Jihu worked on the sketches while they made their way towards Sheridan. He lost himself in the fine lines and deep wrinkles he put to paper, on the detailed marks that made the images pop with hints of the subject’s character. Jihu stridently kept to the facts he remembered, but as he drew the old man and old woman, more and more memories came to him.

By the time they pulled to a stop, he was almost finished, and everyone but Isaiah was crowded around him, something he only realised after he put the last bit of shading under the old woman’s eyes. Jihu flushed all over when he saw that he had an audience. “Um.”
How eloquent. Guh.
He cleared his throat and set the pencil down. “Bae?”

Bae took the clipboard with the woman’s picture on it. The old man’s was still on the exam table. “Look at this, Levi. You can bring images to life in your carvings, and Jihu, he does it with a pencil and paper!”

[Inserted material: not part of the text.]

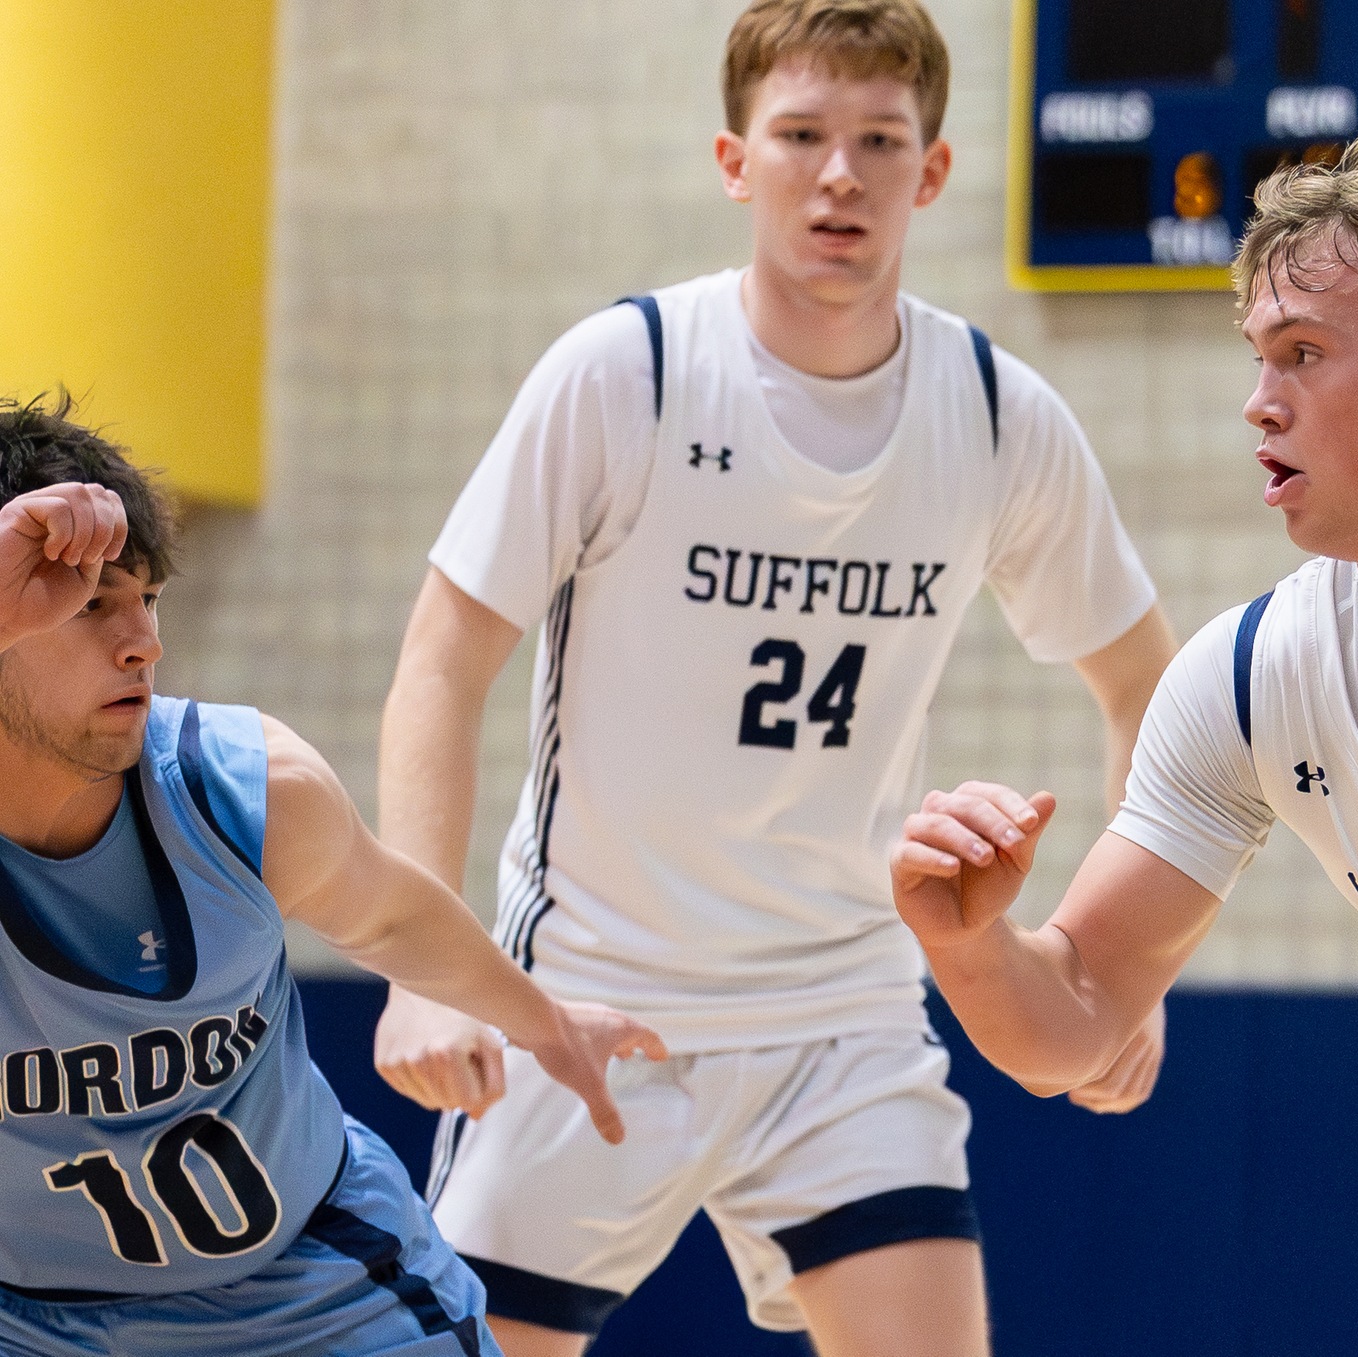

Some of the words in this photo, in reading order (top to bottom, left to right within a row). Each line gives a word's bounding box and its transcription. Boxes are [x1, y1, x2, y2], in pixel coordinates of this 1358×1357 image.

[684, 544, 947, 618] SUFFOLK
[738, 638, 867, 751] 24
[0, 998, 268, 1121] ORDON
[42, 1112, 282, 1266] 10

Jihu nibbled his lip. Gilbert came to his side and pulled him into a wonderful embrace. “God, Jihu. You didn’t tell us you had talent like that. Seriously, it looks like those people could just step off the paper! That—” Gilbert dropped a kiss on Jihu’s brow. “
You’re
incredible!”

“I’m not—” Jihu started, but was quickly drowned out by the gentle scolding and effusive praise of his new family. He basked in it, once he got past wanting to melt into a puddle of embarrassment. Jihu knew he had many doubts about himself, and he’d questioned his worth for as long as he could remember, but from the moment he’d learnt of Daniel’s existence, he’d begun to internally repair himself, and he hadn’t even realised it. Love truly could heal all wounds, couldn’t it? At least the emotional ones, he thought.

“I think these are a pair of shamans from a lepe further north. North Dakota, if I remember right. They’re Amurs, too, and supposed to be very powerful. Hye is the woman’s name, and the man is Seok. Hye is actually the more powerful shaman, if one believes in such things. I don’t. I think both have had some type of medical education. They’d have to, wouldn’t they, to create a drug like the one used on you?”

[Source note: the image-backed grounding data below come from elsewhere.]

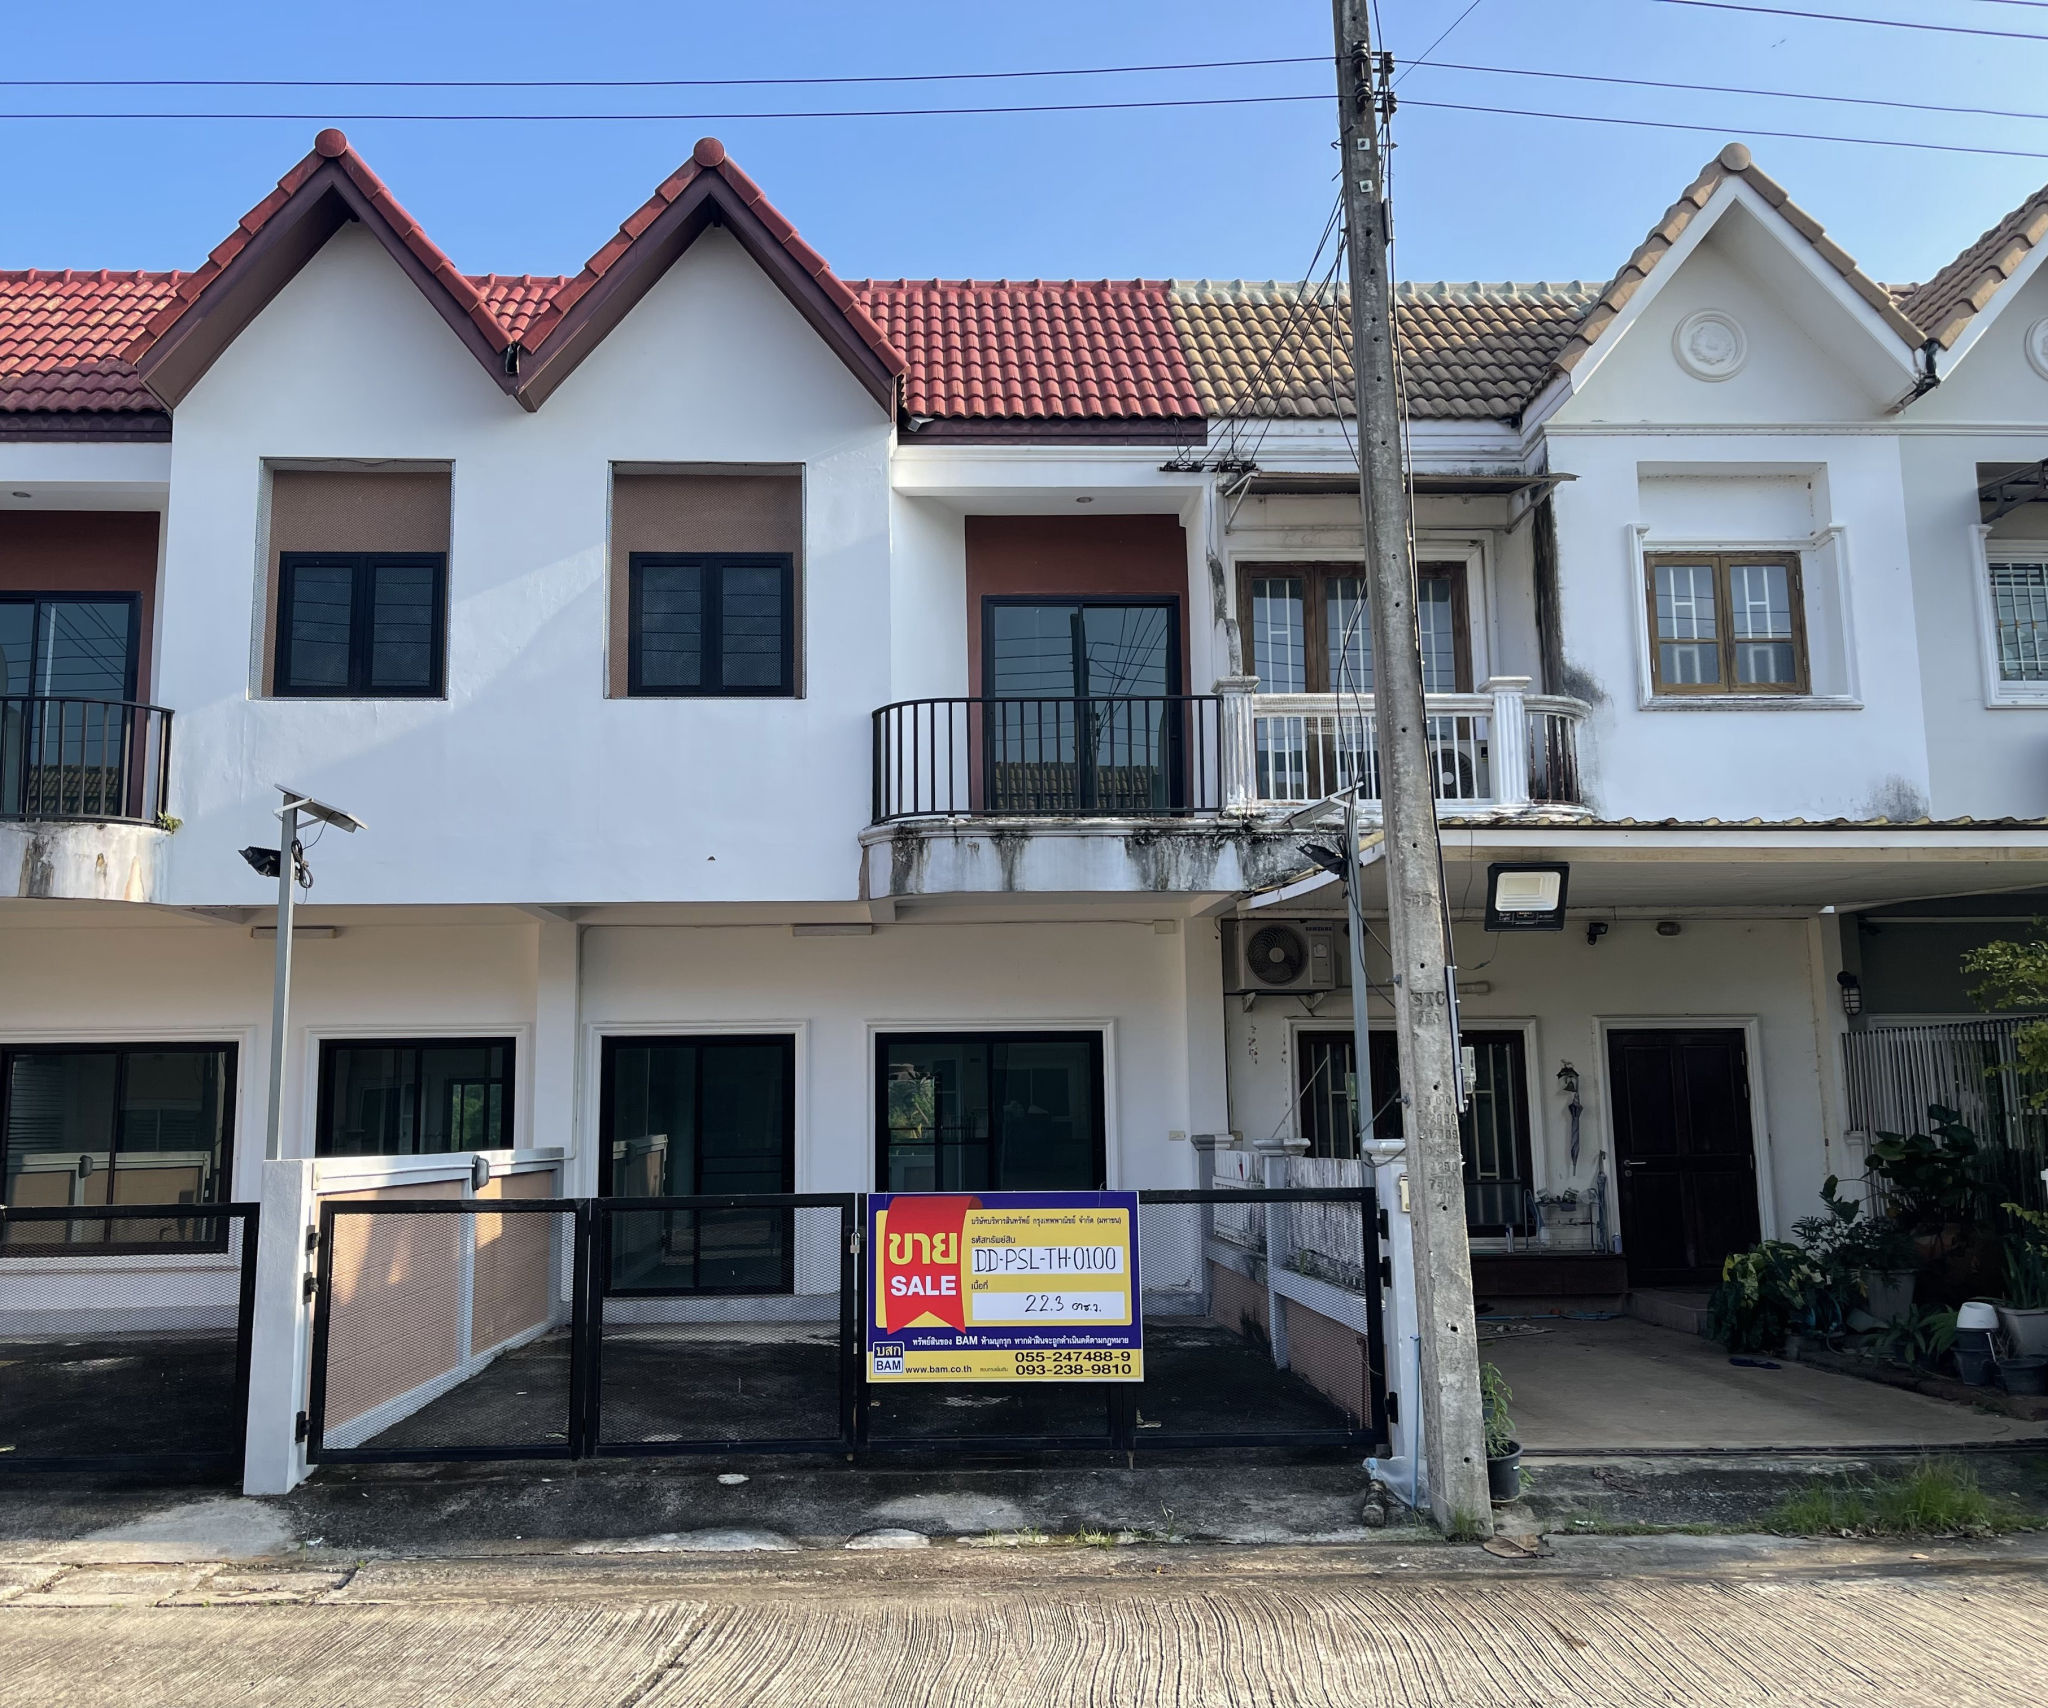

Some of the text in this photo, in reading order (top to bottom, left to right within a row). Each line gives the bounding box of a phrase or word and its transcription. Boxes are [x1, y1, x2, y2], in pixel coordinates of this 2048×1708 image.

[1079, 1215, 1094, 1224] จำกัด
[1097, 1216, 1122, 1225] (มหาชน)
[971, 1234, 1016, 1244] รหัสทรัพย์สิน
[889, 1232, 958, 1265] ขาย
[974, 1246, 1116, 1272] DD-PSL-TH-0100
[890, 1276, 957, 1296] SALE
[971, 1279, 989, 1290] เนื้อที่
[1025, 1294, 1065, 1313] 22.3
[912, 1336, 953, 1346] ทรัพย์สินของ
[956, 1335, 978, 1346] BAM
[981, 1336, 1012, 1348] ห้ามบุกรุก
[876, 1346, 901, 1357] บสก
[1015, 1351, 1131, 1362] 055-247488-9
[876, 1360, 901, 1371] BAM
[905, 1365, 972, 1374] www.bam.co.th
[1015, 1364, 1132, 1375] 093-238-9810

Jihu wasn’t the brightest guy, but he had to disagree. “No, not necessarily. There are many homeopathic medicines used among us. We, at least in my former lepe, never used modern medicines. Everything was treated with plants and home remedies. We didn’t have a shaman, but there were some people, mainly women, who treated anyone who was ill enough to need it.”

“Jihu’s got a point.” Gilbert rubbed his back and smiled at him, pride lighting his features. “Think about what kind of knowledge has probably been handed down from shaman to shaman. Possibly centuries of information. Josiah, your pack has a shaman, right?”

Josiah nodded. “Yeah, and he’s a scary ol’ bugger, let me tell you, but he can fix just about anything that goes wrong with a shifter. He’s got this…this ability to kind of go into himself, then see into whoever he’s treating. That’s what he says, at least, and like
I
said, he’s scary, even if he is nice. I guess, really, it’s his power that’s scary. Intimidating. Whatever you want to call it,” he added with a shrug. “But he also might know something about this stuff. I’ll call my dad and have him pass along the message to have the shaman call me back. Should be fun. He hates talking on the phone.”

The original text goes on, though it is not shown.